§ What you need to do
In the copy of the lines below, leave out pictures and print everything else exactly.

§ Data to examine
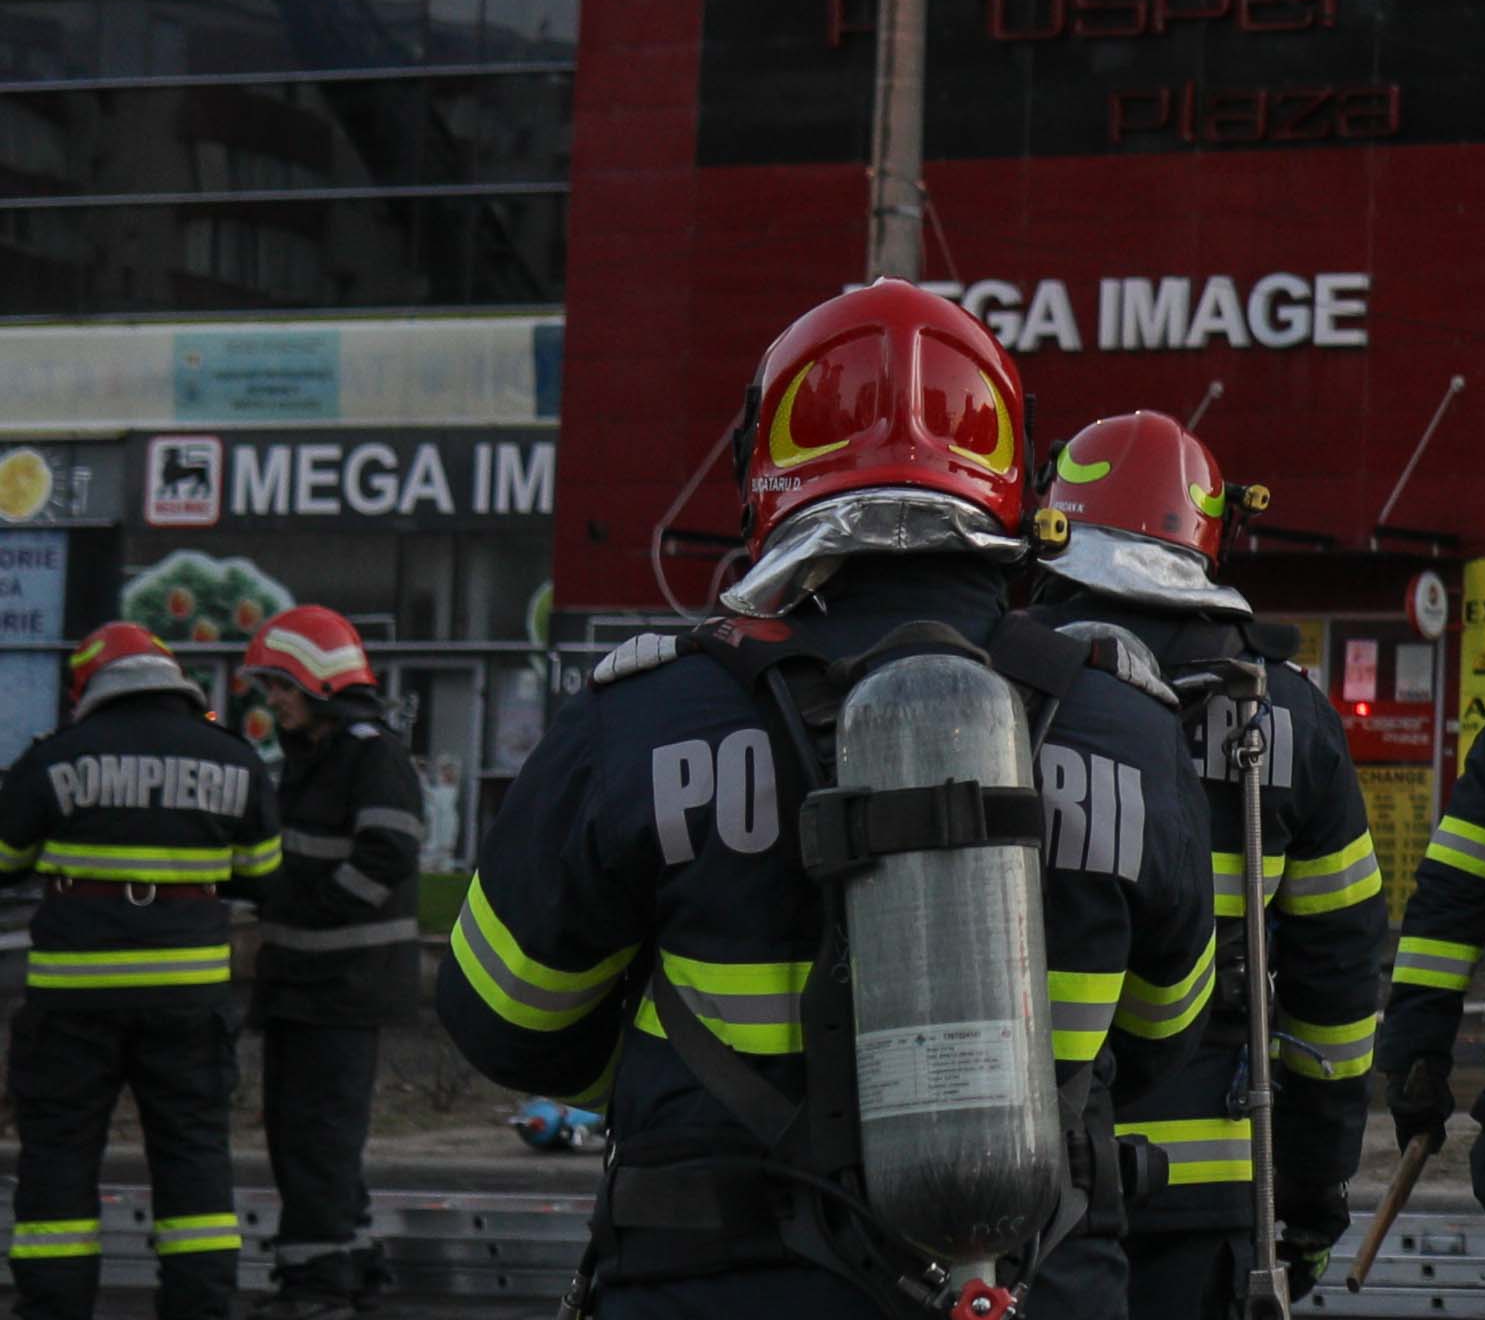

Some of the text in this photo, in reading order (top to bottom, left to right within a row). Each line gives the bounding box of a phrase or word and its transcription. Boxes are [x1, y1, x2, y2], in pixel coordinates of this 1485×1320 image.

[1106, 77, 1402, 144] plaza
[1099, 273, 1374, 350] IMAGE
[230, 443, 453, 516] MEGA
[48, 754, 250, 818] POMPIERII
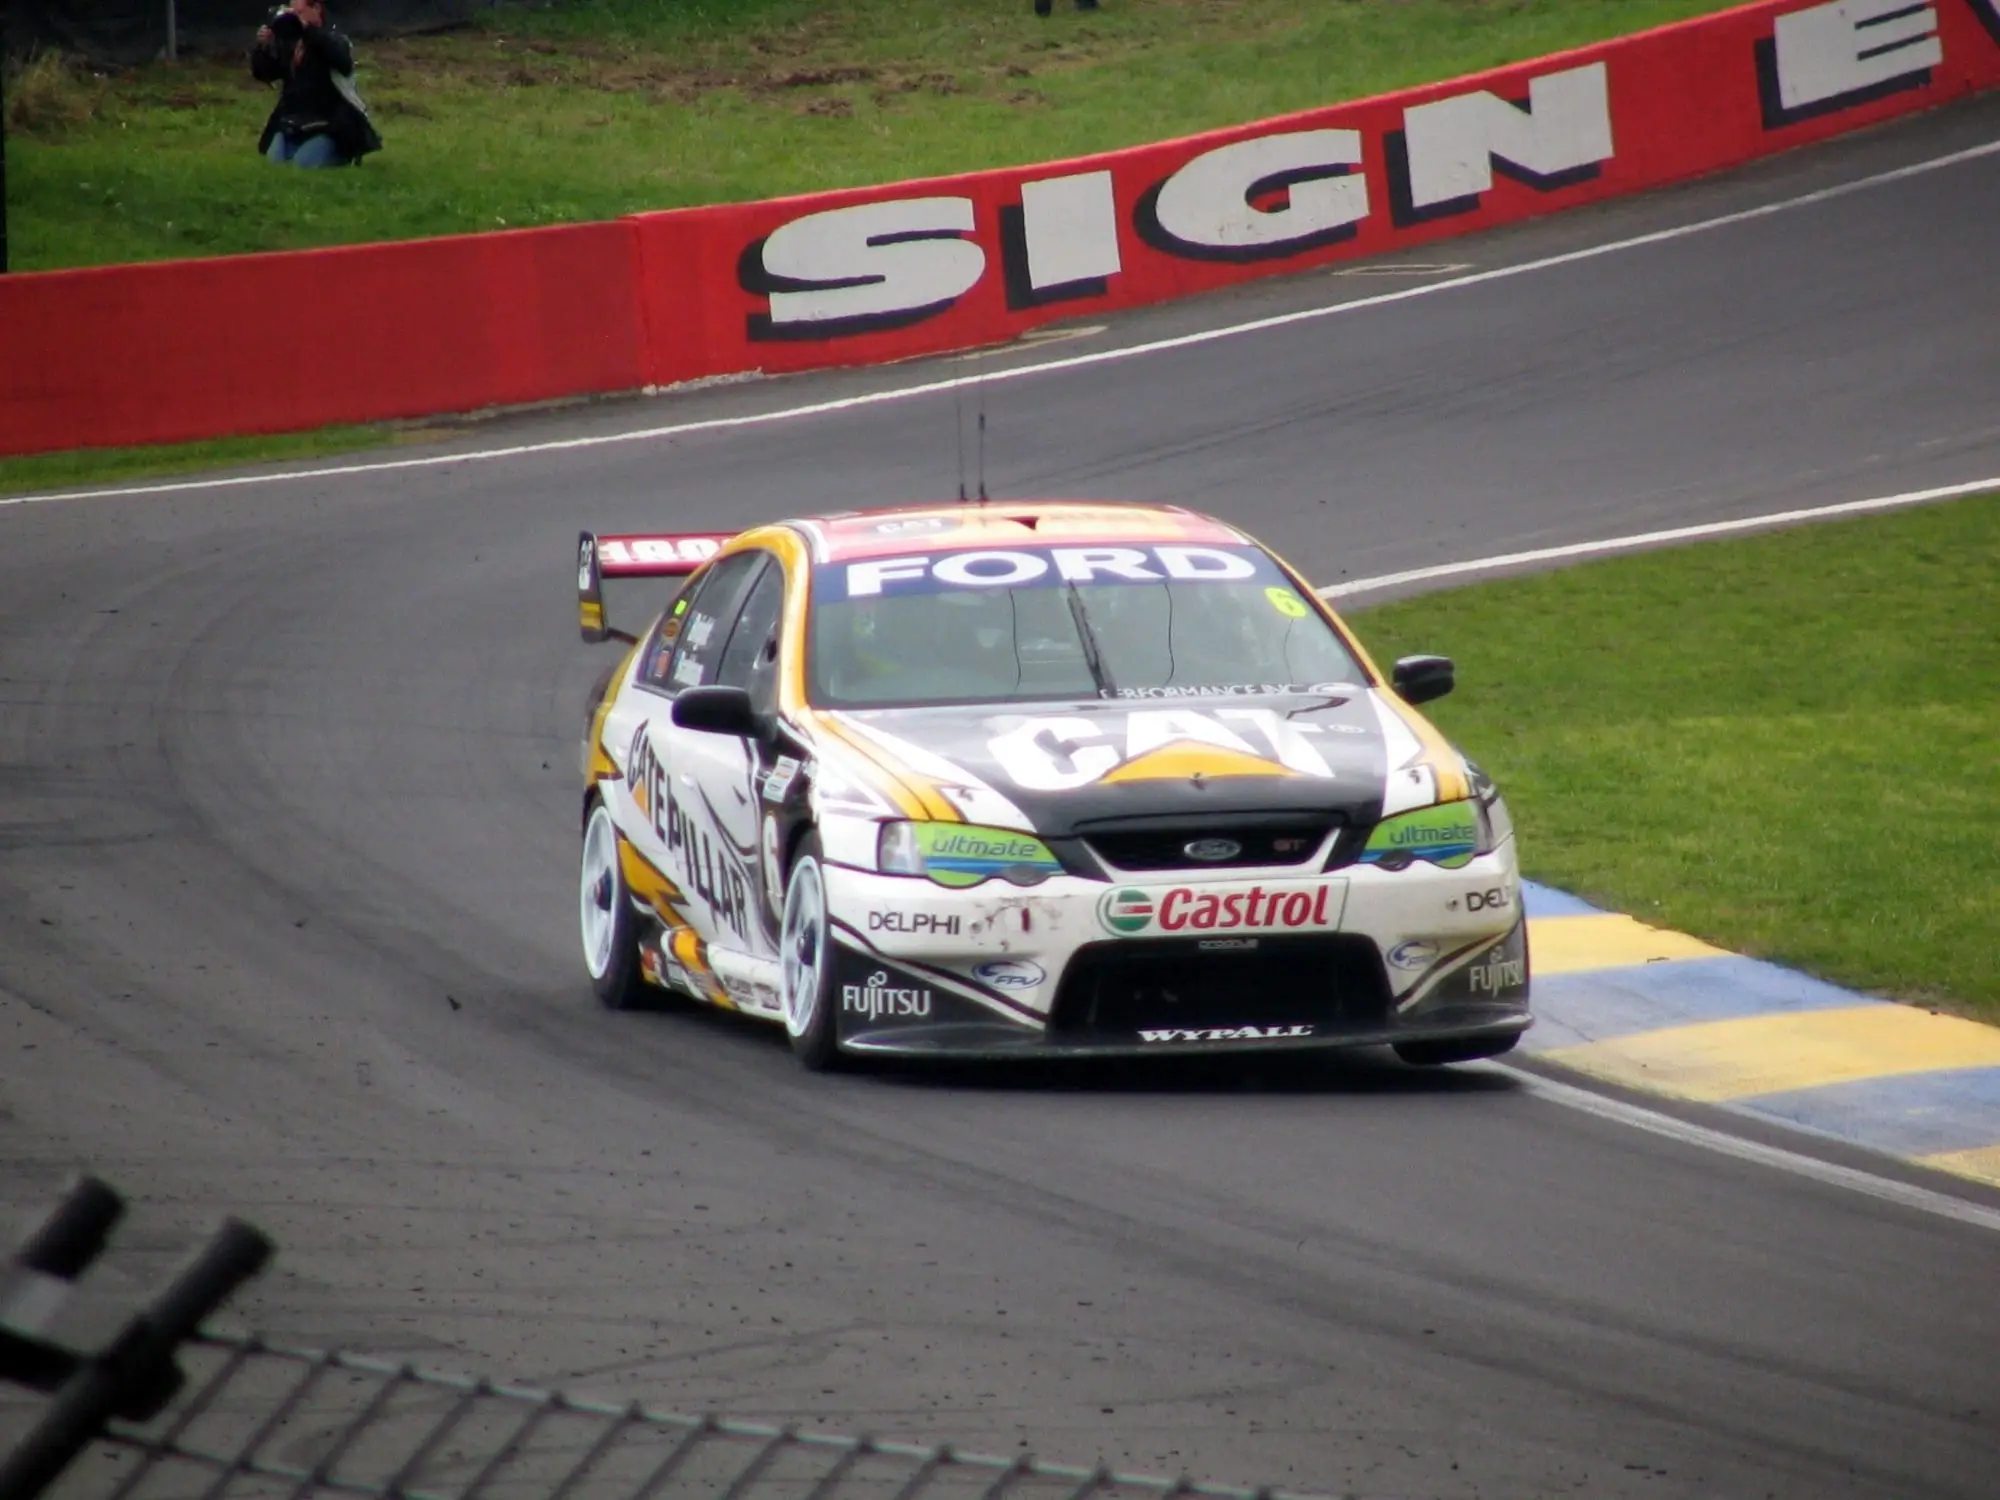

§ Problem solution
Some of the text in this photo, in reading order (top to bottom, left to right within a row). Each line gives the bounding box of a phrase or word and its transcription. Boxes are [x1, y1, x2, y2], in pixel coordinates of this 1485×1320 image.

[1106, 77, 1402, 144] plaza
[1099, 273, 1374, 350] IMAGE
[230, 443, 453, 516] MEGA
[48, 754, 250, 818] POMPIERII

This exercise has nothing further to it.